Daniel had been born in London and apprenticed as a botanist and seed collector at Kew Gardens – the Royal Botanic Gardens in London. He decided there would be an opening for his skills in the colonies, so he brought his collection of seeds from British and European trees, and migrated here in his early 20s, collecting more seeds wherever his ship stopped to take on supplies, notably in South America and South Africa.

His intention was to essentially begin a tree nursery in the colony, but found that he was at least a century ahead of his time. He tried to set up stores in Hobart, Sydney and Melbourne, but took a job as a mine manager in Bendigo while applying for jobs as curator at the new Melbourne and Adelaide Botanic Gardens. He failed in both applications. 

Meanwhile, Geelong’s council, newly rich from the gold rushes, had reserved a spit of sandy land for its own Botanic Gardens, but its first two curators had failed to grow much because the land was poor and infested by goats.

Daniel applied to be the third curator at Geelong, and made a deal with Council that he would use his collection of tree seedlings if Council would fence the area to keep the goats out.

Geelong today has one of the most significant Botanical Gardens in the world, much thanks to Daniel Bunce’s original tree collection.
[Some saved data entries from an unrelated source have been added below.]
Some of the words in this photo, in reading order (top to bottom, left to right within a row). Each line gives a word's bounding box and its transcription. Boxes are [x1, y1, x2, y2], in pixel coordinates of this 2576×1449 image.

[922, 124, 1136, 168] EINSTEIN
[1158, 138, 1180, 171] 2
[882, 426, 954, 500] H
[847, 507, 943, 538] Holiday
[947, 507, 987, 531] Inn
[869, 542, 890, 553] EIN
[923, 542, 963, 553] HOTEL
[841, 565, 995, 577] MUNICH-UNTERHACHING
However his private life was both muddled and tragic.

In the 1830s in Tasmania, he married, aged 21 or 22, to either a Mary Westbrook or a Sarah Macrow. The records are incomplete. What happened to that lady is unknown, but we do know that he married Pelonamenia Batman, youngest daughter of John and Eliza Batman, on 24 March 1851. 
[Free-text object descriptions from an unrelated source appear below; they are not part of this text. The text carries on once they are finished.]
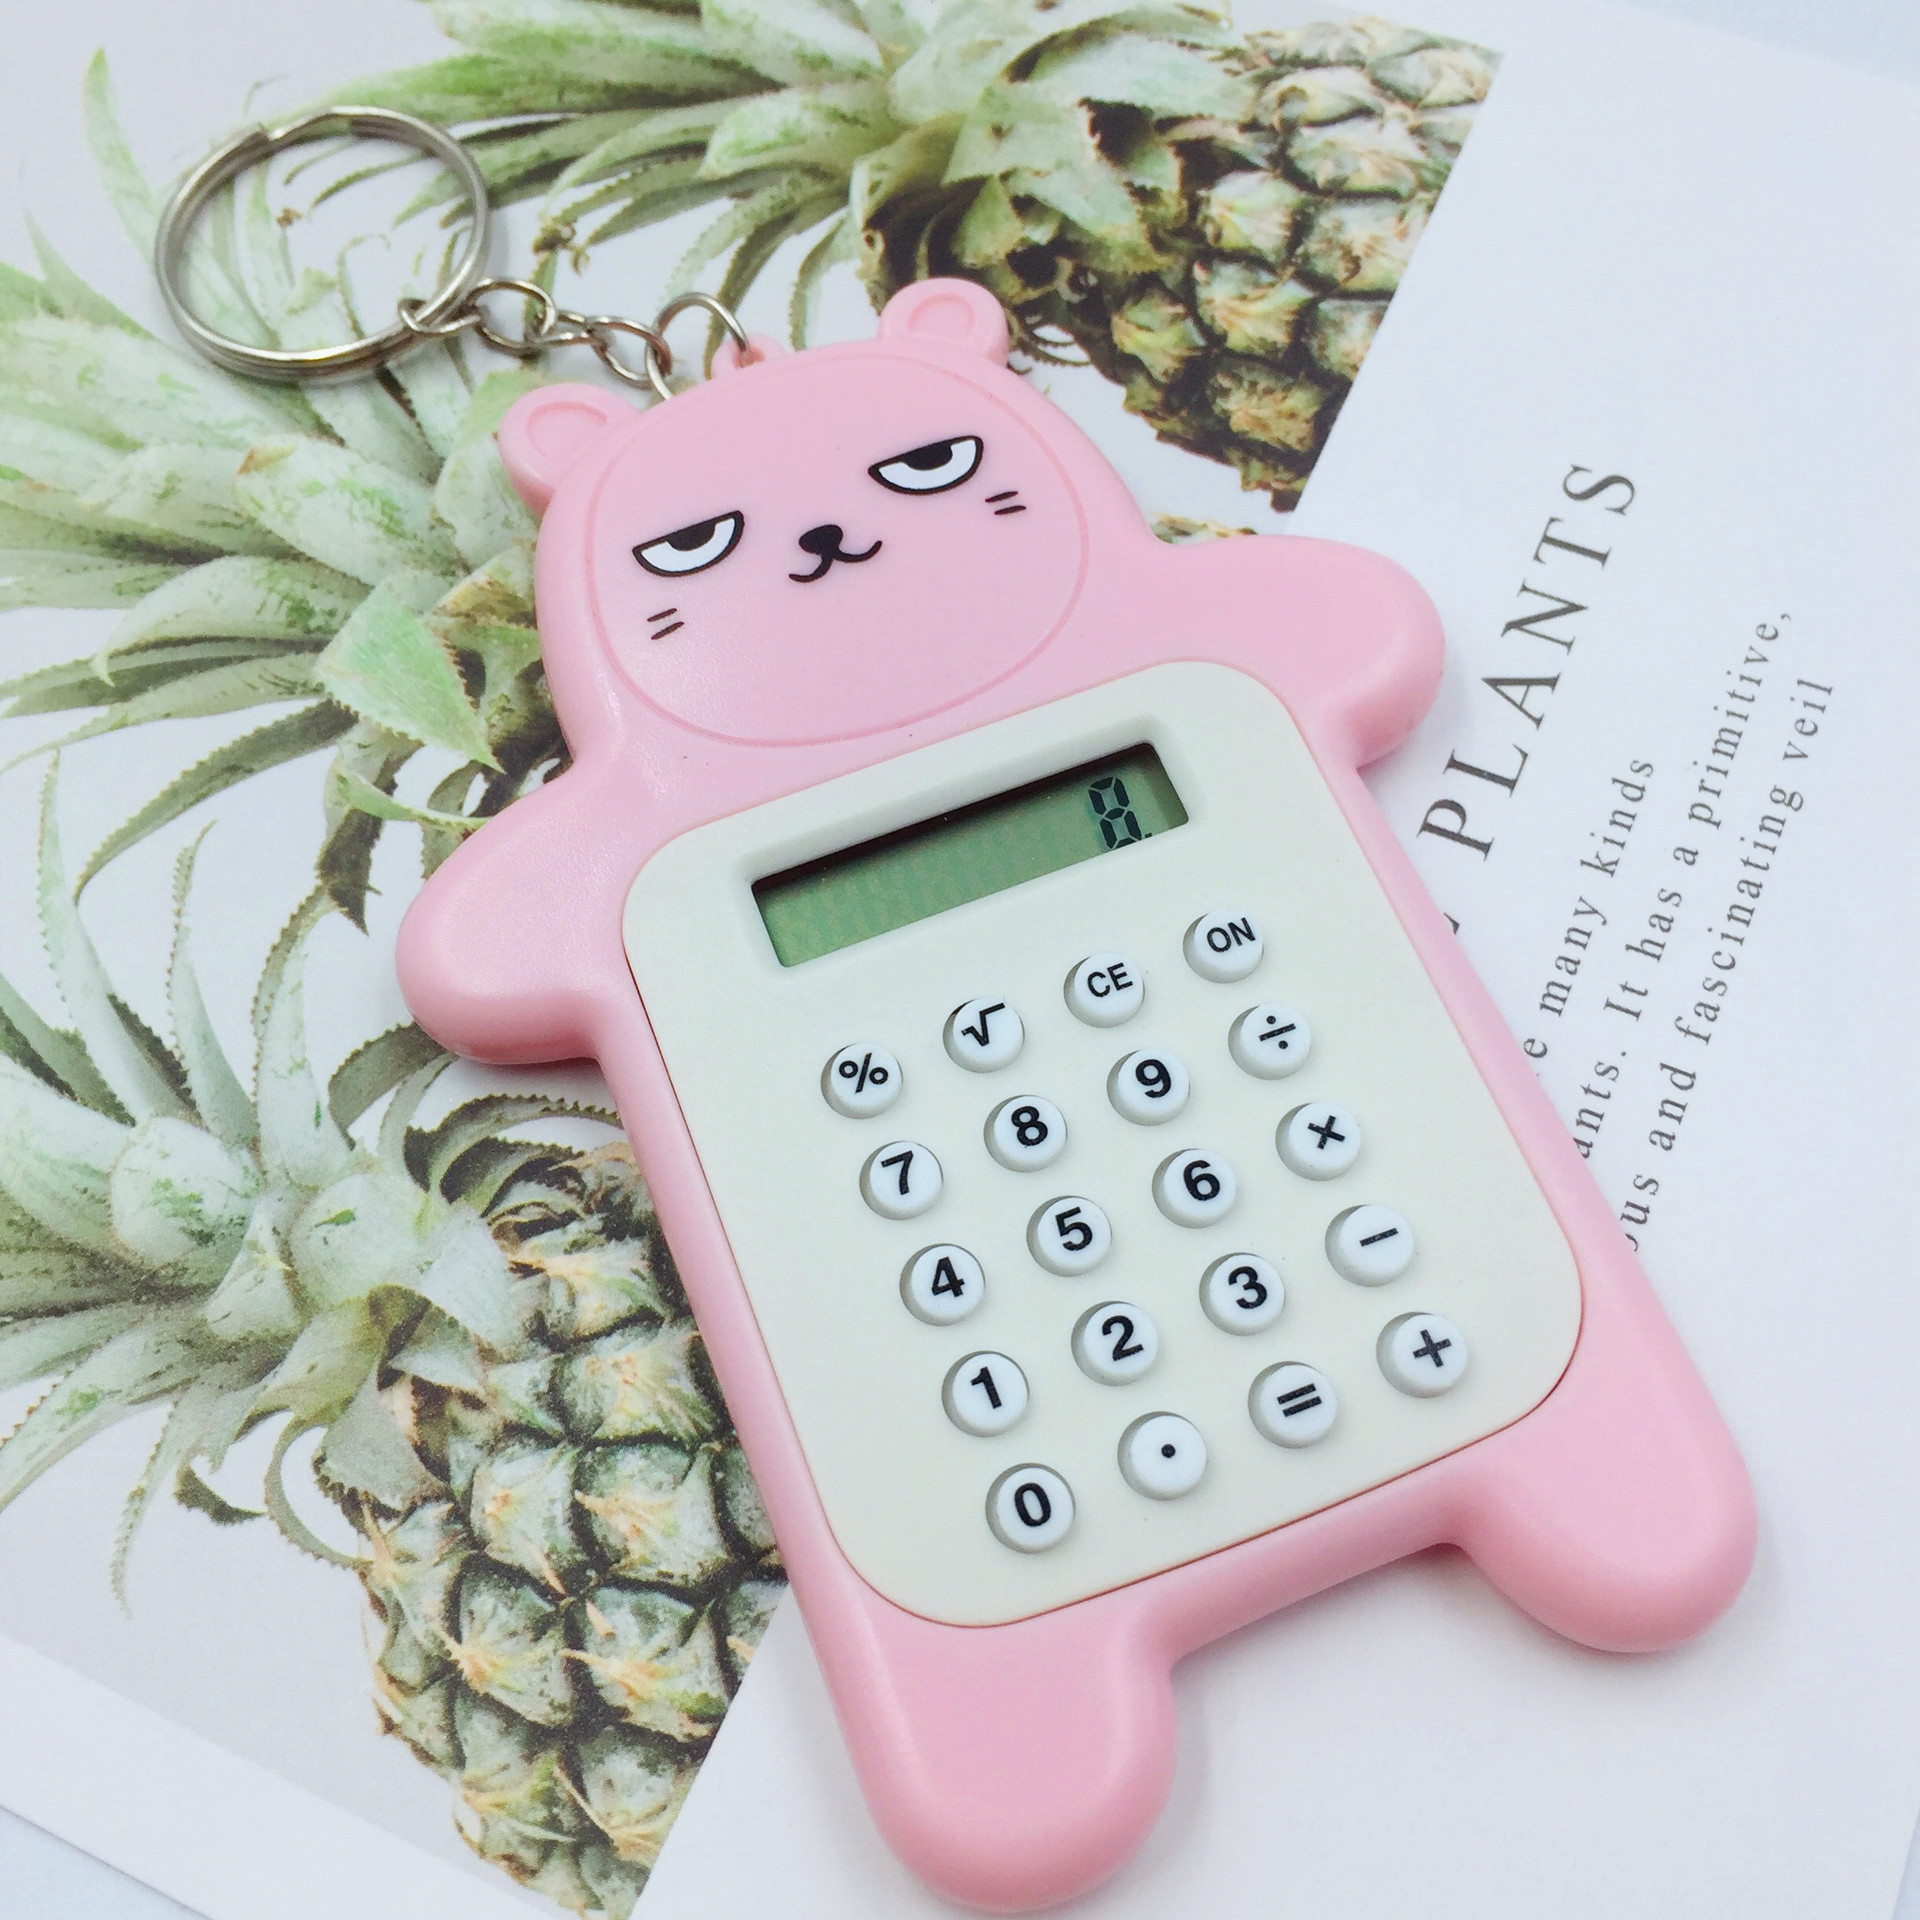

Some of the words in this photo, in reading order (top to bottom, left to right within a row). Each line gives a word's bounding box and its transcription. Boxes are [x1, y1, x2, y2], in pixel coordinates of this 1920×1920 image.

[1416, 464, 1636, 861] PLANTS
[1687, 612, 1791, 830] primitive,
[1540, 896, 1608, 1018] many
[1579, 759, 1654, 878] kinds
[1625, 887, 1683, 963] has
[1648, 1062, 1697, 1152] and
[1674, 785, 1804, 1046] fascinating
[1782, 678, 1833, 762] veil
[1673, 846, 1700, 866] a
[838, 1052, 889, 1093] %
[1086, 962, 1133, 998] CE
[1206, 916, 1256, 953] ON
[1603, 980, 1649, 1022] It
[880, 1150, 914, 1195] 7
[1011, 1106, 1048, 1147] 8
[1135, 1059, 1172, 1099] 9
[931, 1256, 965, 1298] 4
[1055, 1206, 1093, 1251] 5
[1183, 1160, 1220, 1201] 6
[970, 1366, 1002, 1409] 1
[1102, 1315, 1144, 1361] 2
[1228, 1266, 1268, 1309] 3
[1014, 1482, 1051, 1527] 0
Pelonamenia had two children die in infancy, then she, too, died. Daniel buried her further up the hill in the Church of England section of Eastern Cemetery, close to her mother, who, we remembered we had already met – she having been murdered in Geelong West.

After Pelonamenia’s death, Daniel married Julia O’Connor in 1860. They had four children while living in a house inside the Botanic Gardens. But in August 1889, all four of their children died within three days in a diphtheria epidemic.

Julia and Daniel had one other child before he died on 4th July 1872 and Julia lived until the age of 72 and died in 1914. They’re buried together with the four children.